DATA PROVIDED:
○ ○ ○ ○

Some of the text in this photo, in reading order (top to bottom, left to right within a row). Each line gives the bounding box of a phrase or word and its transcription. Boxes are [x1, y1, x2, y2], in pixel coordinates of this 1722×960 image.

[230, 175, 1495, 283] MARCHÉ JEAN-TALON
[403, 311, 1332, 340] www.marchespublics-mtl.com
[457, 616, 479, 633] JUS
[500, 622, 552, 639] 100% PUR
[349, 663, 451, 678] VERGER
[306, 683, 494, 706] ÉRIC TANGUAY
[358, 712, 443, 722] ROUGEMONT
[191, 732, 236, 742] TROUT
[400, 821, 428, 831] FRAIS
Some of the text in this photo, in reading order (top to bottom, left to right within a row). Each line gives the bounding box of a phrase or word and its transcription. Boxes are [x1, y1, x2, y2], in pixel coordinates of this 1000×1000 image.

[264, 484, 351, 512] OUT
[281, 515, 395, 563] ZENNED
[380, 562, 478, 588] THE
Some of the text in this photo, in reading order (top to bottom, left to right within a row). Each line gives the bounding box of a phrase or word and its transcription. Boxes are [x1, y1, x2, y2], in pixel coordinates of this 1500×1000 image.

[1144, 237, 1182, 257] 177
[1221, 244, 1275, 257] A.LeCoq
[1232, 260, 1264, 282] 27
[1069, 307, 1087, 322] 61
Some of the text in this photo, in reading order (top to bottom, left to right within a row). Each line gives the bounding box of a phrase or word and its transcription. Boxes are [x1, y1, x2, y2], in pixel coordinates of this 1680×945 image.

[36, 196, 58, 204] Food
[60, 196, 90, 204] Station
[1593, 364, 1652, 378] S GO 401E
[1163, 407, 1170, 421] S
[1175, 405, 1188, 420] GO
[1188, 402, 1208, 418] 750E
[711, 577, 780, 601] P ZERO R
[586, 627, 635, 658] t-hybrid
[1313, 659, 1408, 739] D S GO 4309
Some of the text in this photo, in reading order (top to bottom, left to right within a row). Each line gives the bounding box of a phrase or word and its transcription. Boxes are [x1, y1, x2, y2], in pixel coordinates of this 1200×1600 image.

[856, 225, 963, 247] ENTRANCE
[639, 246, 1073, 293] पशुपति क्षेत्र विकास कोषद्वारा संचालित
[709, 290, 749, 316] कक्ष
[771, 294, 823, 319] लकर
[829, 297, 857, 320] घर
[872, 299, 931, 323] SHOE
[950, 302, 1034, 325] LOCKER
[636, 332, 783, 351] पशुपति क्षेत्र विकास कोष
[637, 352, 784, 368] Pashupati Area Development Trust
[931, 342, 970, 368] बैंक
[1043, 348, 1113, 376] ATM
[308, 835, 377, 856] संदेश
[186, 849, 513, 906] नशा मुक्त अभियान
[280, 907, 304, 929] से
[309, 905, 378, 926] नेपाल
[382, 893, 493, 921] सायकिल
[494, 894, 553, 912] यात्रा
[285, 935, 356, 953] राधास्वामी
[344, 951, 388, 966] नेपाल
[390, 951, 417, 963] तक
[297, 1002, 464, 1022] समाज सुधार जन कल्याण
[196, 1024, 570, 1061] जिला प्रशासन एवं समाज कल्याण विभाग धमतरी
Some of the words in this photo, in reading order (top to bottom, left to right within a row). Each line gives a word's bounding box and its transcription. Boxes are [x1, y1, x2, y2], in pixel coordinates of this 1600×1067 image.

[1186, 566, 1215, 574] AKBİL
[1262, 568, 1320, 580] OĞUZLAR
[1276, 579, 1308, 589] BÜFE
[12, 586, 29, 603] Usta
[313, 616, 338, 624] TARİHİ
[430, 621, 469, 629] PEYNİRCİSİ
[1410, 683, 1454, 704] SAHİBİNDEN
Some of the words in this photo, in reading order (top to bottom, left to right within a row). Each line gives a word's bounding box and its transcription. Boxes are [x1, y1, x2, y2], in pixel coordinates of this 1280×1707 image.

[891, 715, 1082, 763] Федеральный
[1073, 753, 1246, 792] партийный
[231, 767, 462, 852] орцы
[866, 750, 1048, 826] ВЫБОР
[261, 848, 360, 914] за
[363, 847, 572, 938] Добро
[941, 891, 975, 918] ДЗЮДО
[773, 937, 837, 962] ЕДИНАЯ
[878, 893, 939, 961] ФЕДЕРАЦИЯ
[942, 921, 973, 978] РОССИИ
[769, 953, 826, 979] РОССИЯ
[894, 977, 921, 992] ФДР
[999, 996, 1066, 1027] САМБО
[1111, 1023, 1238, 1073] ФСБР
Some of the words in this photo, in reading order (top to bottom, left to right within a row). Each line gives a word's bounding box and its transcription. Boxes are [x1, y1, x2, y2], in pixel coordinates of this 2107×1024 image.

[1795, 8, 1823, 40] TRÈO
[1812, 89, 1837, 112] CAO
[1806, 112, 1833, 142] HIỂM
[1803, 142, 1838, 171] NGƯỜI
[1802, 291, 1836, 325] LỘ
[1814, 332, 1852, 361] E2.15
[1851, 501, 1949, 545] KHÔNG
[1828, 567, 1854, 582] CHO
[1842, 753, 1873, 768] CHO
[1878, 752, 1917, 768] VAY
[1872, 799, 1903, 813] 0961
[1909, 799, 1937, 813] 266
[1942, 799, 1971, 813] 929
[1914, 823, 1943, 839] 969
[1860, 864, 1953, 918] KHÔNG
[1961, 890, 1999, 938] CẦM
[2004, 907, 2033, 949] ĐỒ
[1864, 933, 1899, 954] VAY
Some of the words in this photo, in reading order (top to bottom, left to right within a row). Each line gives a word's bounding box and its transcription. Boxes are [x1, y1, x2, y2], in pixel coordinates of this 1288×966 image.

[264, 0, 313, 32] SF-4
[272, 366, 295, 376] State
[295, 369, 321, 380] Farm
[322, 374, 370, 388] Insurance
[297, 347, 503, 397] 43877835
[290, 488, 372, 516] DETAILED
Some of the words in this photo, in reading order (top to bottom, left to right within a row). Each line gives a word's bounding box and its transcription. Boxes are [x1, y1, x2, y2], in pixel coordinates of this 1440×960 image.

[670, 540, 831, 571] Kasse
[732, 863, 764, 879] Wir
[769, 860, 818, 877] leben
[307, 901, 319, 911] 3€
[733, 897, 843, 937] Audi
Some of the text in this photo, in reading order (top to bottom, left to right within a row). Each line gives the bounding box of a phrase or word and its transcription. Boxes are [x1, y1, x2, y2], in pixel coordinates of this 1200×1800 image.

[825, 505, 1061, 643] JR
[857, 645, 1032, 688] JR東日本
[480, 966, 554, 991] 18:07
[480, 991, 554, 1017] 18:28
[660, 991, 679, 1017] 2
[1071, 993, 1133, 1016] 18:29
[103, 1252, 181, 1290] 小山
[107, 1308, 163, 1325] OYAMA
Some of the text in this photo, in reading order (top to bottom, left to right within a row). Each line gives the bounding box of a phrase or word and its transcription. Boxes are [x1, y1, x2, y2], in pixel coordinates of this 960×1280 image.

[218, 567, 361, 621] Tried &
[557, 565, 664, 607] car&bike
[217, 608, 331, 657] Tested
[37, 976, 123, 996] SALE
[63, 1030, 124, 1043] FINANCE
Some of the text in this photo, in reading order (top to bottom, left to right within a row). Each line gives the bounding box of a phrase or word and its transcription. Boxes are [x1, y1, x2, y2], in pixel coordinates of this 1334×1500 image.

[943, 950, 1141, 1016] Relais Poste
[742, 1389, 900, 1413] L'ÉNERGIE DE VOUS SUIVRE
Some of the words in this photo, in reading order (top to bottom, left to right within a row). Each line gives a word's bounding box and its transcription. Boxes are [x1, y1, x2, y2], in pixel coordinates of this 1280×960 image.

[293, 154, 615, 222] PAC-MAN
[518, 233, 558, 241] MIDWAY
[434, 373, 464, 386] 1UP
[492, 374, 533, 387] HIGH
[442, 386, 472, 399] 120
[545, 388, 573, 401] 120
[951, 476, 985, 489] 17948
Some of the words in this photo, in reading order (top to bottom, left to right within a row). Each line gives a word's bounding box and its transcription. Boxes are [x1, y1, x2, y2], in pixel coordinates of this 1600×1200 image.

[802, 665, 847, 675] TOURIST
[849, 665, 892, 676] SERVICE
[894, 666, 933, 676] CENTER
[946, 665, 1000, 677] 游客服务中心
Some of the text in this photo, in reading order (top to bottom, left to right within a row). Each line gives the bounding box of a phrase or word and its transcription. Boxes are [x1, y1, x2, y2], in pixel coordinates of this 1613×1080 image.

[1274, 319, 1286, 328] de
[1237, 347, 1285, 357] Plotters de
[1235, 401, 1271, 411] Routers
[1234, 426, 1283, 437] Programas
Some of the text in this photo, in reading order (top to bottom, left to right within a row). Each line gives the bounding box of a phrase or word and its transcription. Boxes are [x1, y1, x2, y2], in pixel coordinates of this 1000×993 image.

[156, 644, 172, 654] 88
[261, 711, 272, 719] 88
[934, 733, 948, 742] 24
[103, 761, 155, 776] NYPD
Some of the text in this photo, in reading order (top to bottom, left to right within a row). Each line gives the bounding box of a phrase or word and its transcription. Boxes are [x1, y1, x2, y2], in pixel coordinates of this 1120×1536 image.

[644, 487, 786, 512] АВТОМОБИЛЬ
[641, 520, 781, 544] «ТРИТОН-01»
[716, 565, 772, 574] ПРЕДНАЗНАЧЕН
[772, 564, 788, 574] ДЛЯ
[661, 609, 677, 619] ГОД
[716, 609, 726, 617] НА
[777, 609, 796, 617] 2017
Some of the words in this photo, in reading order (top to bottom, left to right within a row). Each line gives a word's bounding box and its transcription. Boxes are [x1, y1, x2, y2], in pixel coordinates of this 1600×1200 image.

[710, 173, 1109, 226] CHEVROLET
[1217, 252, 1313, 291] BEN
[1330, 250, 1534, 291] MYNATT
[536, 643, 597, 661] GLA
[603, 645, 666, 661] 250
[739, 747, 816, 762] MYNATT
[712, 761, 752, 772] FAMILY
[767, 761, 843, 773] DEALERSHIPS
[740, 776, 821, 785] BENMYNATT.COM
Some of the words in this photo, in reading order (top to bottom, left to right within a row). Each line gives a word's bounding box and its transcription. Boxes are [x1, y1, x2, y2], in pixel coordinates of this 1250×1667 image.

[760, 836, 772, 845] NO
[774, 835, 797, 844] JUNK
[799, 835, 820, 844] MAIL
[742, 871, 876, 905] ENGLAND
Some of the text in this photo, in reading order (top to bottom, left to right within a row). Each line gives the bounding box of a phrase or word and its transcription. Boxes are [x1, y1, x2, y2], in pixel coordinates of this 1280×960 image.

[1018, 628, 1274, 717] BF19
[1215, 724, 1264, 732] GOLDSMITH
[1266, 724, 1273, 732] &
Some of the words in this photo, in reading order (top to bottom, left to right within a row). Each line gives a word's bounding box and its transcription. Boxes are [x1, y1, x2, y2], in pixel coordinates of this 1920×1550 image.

○ ○ ○ ○

WHAT TO WORK ON:
An exact repeat of the lines from the one containing "this 1250×1667 image." through the final line of the entries is the whole answer.

OUTPUT FOR THIS TASK:
Some of the words in this photo, in reading order (top to bottom, left to right within a row). Each line gives a word's bounding box and its transcription. Boxes are [x1, y1, x2, y2], in pixel coordinates of this 1250×1667 image.

[760, 836, 772, 845] NO
[774, 835, 797, 844] JUNK
[799, 835, 820, 844] MAIL
[742, 871, 876, 905] ENGLAND
Some of the text in this photo, in reading order (top to bottom, left to right within a row). Each line gives the bounding box of a phrase or word and its transcription. Boxes are [x1, y1, x2, y2], in pixel coordinates of this 1280×960 image.

[1018, 628, 1274, 717] BF19
[1215, 724, 1264, 732] GOLDSMITH
[1266, 724, 1273, 732] &
Some of the words in this photo, in reading order (top to bottom, left to right within a row). Each line gives a word's bounding box and its transcription. Boxes are [x1, y1, x2, y2], in pixel coordinates of this 1920×1550 image.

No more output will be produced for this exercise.